◆ Work task ◆
Every record below is to be copied exactly, with its images omitted.

◆ Exercise inputs ◆

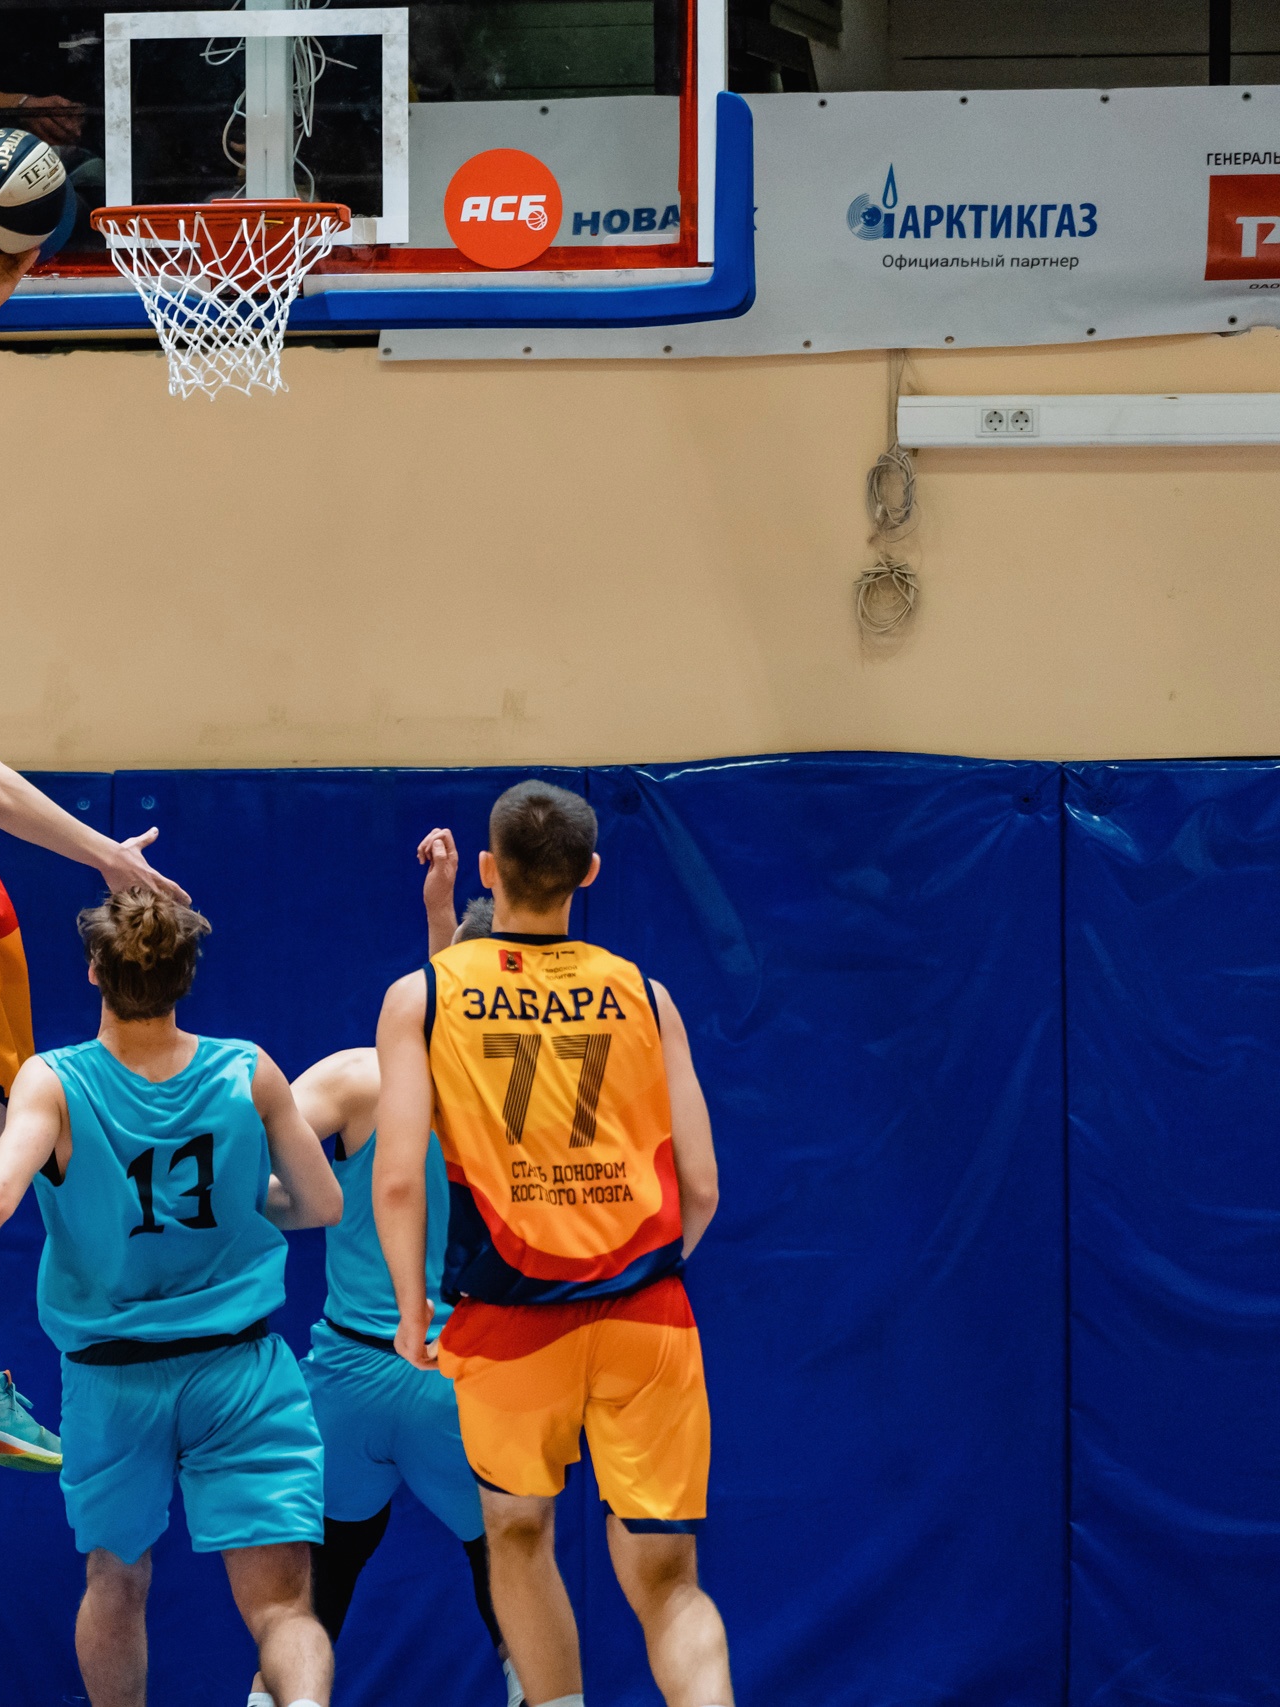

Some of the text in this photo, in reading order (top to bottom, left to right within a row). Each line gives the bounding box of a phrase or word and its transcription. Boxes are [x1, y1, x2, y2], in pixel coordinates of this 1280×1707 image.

[460, 195, 549, 231] АСБ
[898, 203, 1098, 239] АРКТИКГАЗ
[882, 254, 1080, 270] Официальный партнер
[462, 986, 626, 1024] ЗАБАРА
[483, 1033, 612, 1148] 77
[127, 1133, 218, 1239] 13
[552, 1162, 626, 1184] ДОНОРОМ
[583, 1184, 634, 1204] МОЗГА

◆ The answer ◆
Some of the text in this photo, in reading order (top to bottom, left to right within a row). Each line gives the bounding box of a phrase or word and its transcription. Boxes are [x1, y1, x2, y2], in pixel coordinates of this 1280×1707 image.

[460, 195, 549, 231] АСБ
[898, 203, 1098, 239] АРКТИКГАЗ
[882, 254, 1080, 270] Официальный партнер
[462, 986, 626, 1024] ЗАБАРА
[483, 1033, 612, 1148] 77
[127, 1133, 218, 1239] 13
[552, 1162, 626, 1184] ДОНОРОМ
[583, 1184, 634, 1204] МОЗГА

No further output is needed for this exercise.